Our next door neighbours just ordered a pizza and had it delivered to their hot tub.
I’m sure this is how Rome ended: Romulus Augustus, last of the emperors, munching on a slice of pepperoni in a flurry of bubbles while the barbarians rampaged the streets.
The delivery guy was perfunctory, delivering as he was his boxes to someone in a towel. There was a social awkwardness about it, carried out in the driveway that leads to their garden. He quickly got back in his car, crinkling with hot polyester, flicked on his lights, and drove away.
I don’t blame them for enjoying the summer. It was past 10 o’clock, and still above the street and lamplit trees, the sky was fading into warm purple. I love this end of July. The sky reminds me of so many camps gone by when we’d sit under clouds just like this, chatting about life and the universe in that way that pretty much everyone does, given a sultry breeze and a happy band of friends.
I think they’re complementing the pizza with a little Roman vino. That’s just a guess from the raised voices, and the soft chink above the noise of the bubbles.
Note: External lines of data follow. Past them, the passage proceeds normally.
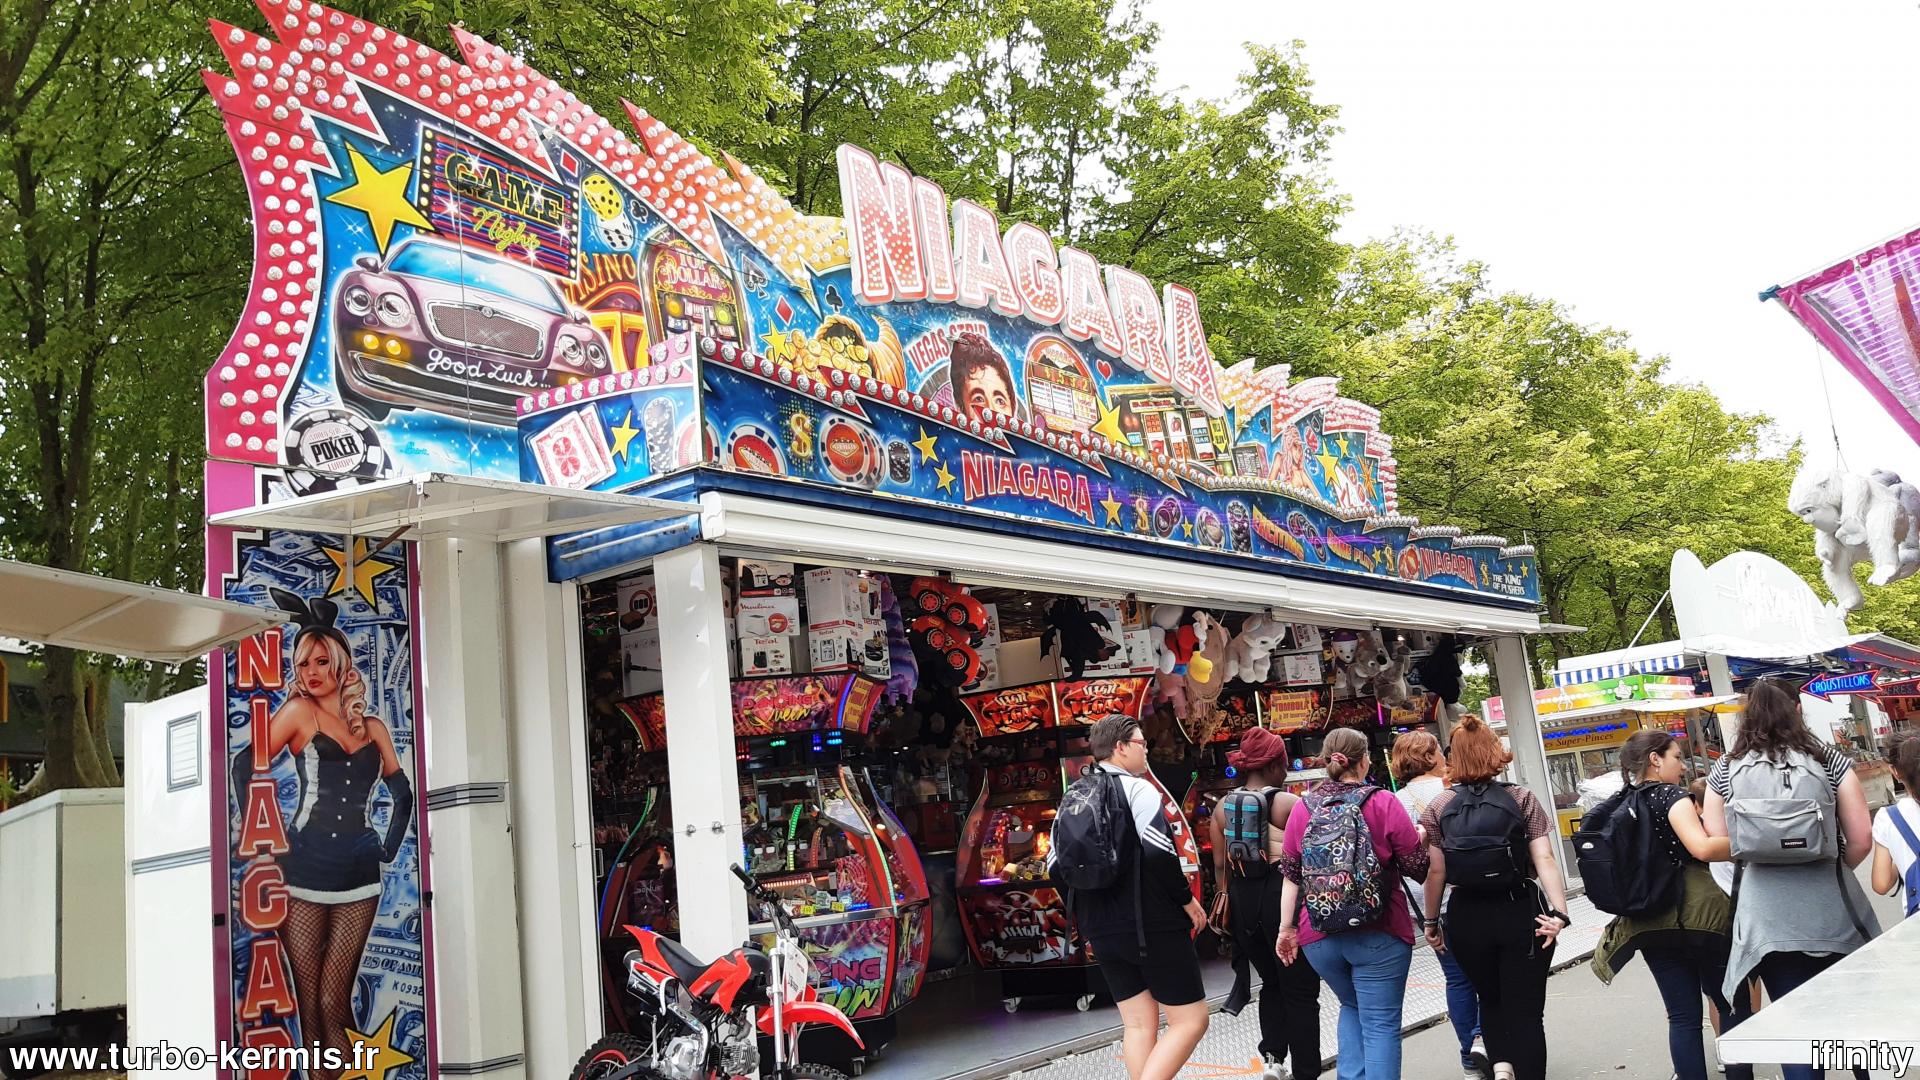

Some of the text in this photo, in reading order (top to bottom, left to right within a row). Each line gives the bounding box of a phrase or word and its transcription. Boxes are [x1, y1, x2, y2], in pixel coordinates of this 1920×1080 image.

[445, 153, 565, 229] GAME
[472, 207, 540, 251] Night
[666, 262, 724, 291] DOLLAR
[836, 143, 1224, 418] NIAGARA
[426, 348, 485, 378] good
[907, 328, 950, 374] VEGAS
[310, 435, 360, 463] POKER
[962, 449, 1095, 524] NIAGARA
[810, 568, 833, 577] Tefal
[1419, 546, 1479, 591] NIAGARA
[1492, 573, 1502, 583] THE
[1492, 582, 1501, 591] OF
[754, 637, 779, 646] Tefal
[1809, 674, 1871, 693] CROUSTILLONS
[1556, 733, 1615, 748] Super-Pinces
Rome had had its day, hadn’t it? The world was moving on to the beginning of what we call medieval times, and the golden age of antiquity was coming to an abrupt end. I wonder whether Romulus had any idea of what the barbarians brought with them, of the sun going down on the eternal empire and of the end of all things. Probably not. As one person once observed, there was a day when you went out to play with your mates and it was the last ever time and none of you had any idea.
Perhaps that’s the way it should be. Perhaps my neighbours have it right, and are just enjoying the moment with their pals in their back garden. Who knows whether tomorrow it rains and next year things are different? It’s good to make memories, and balmy summer nights at the end of July seem to be just about perfect for that.
I just hope they don’t get pepperonis stuck in the plug hole.